BIRMINGHAM, Alabama — The night tornadoes swept through Alabama brought in more hurt patients than Children’s Hospital of Alabama had ever seen at once, officials at the Birmingham hospital said Thursday.
Sixty youngsters from across the state have been treated at the hospital, most of them in the hours immediately following the deadly storms. Fourteen remain; 10 are in critical care and many have also lost parents or siblings.
“In the long history — now, the almost 100 years — of Children’s Hospital, it was the largest number of trauma patients and the most acutely injured patients,” said CEO Mike Warren.

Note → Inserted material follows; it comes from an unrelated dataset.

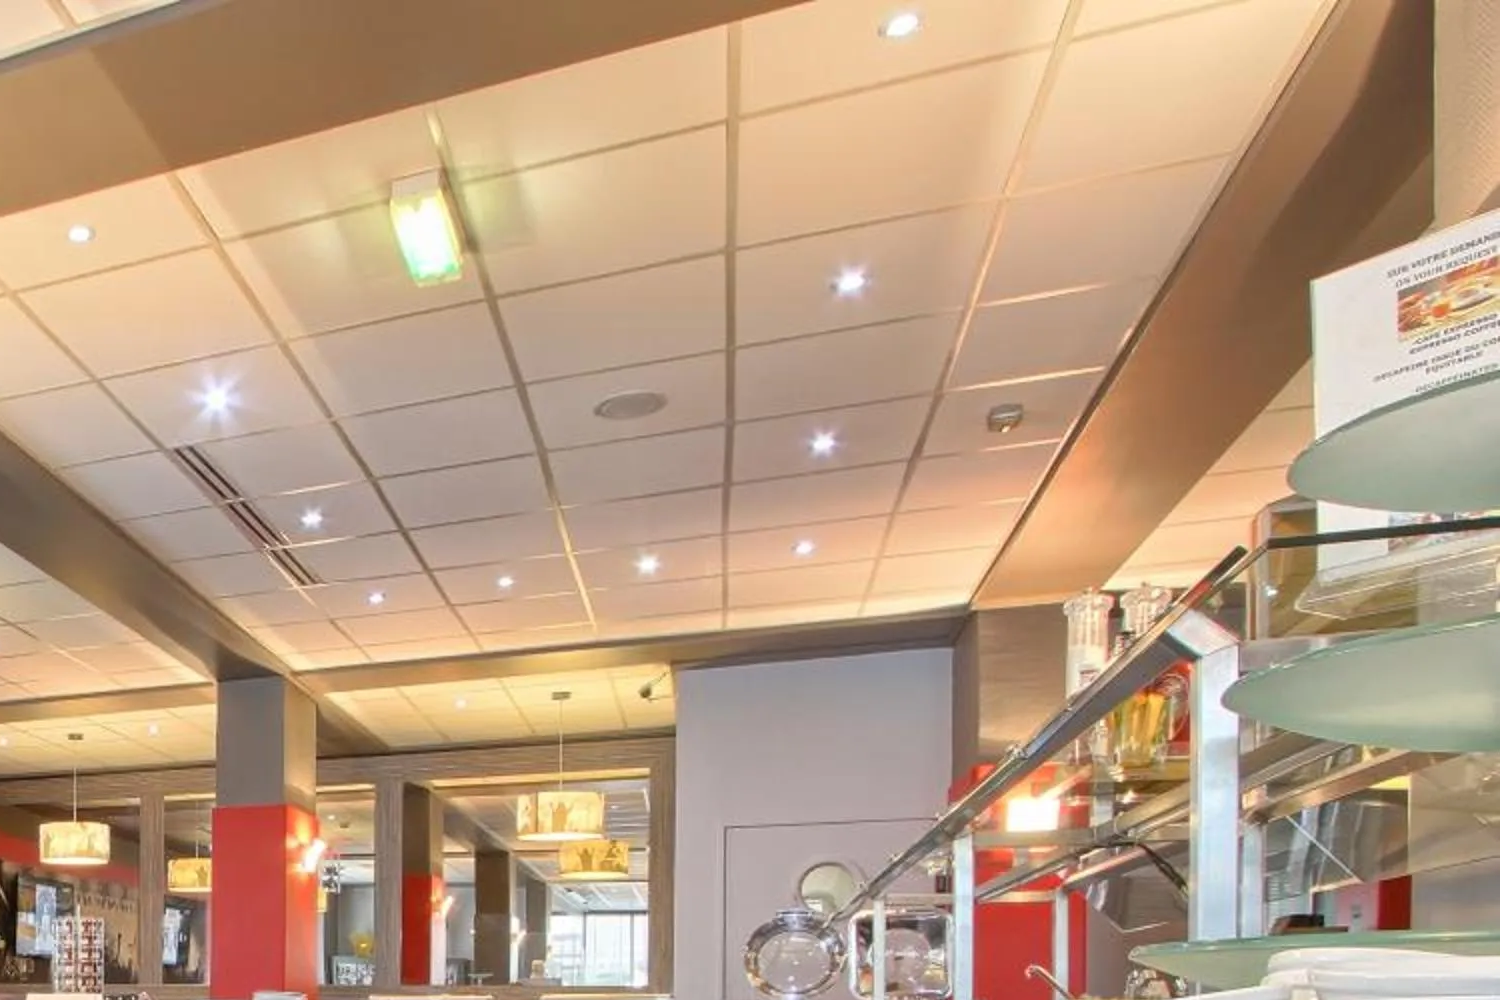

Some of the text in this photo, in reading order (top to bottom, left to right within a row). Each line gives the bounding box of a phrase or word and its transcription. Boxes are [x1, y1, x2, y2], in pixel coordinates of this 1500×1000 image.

Margaret Winkler, head of the hospital’s critical care team, said it was like having dozens of fatal traffic accidents pour in the same night. Victims came from Tuscaloosa, Cullman, Pleasant Grove, Birmingham, Gadsden, Fort Payne, Cordova and elsewhere. Other hospitals around the state reported similar numbers of patients.
“This was one after another after another,” Winkler said. “It was dramatic and then it was just so tragic.”
One of the patients included in the total count arrived dead and another, an infant from Tuscaloosa whose name was not released, died at the hospital.
Emergency room doctor Steve Bailey and others credited Children’s emergency preparedness for the success of operations. Bailey said that it could have been much worse if, like other hospitals in hard-hit areas, Children’s had lost power or telephone communications.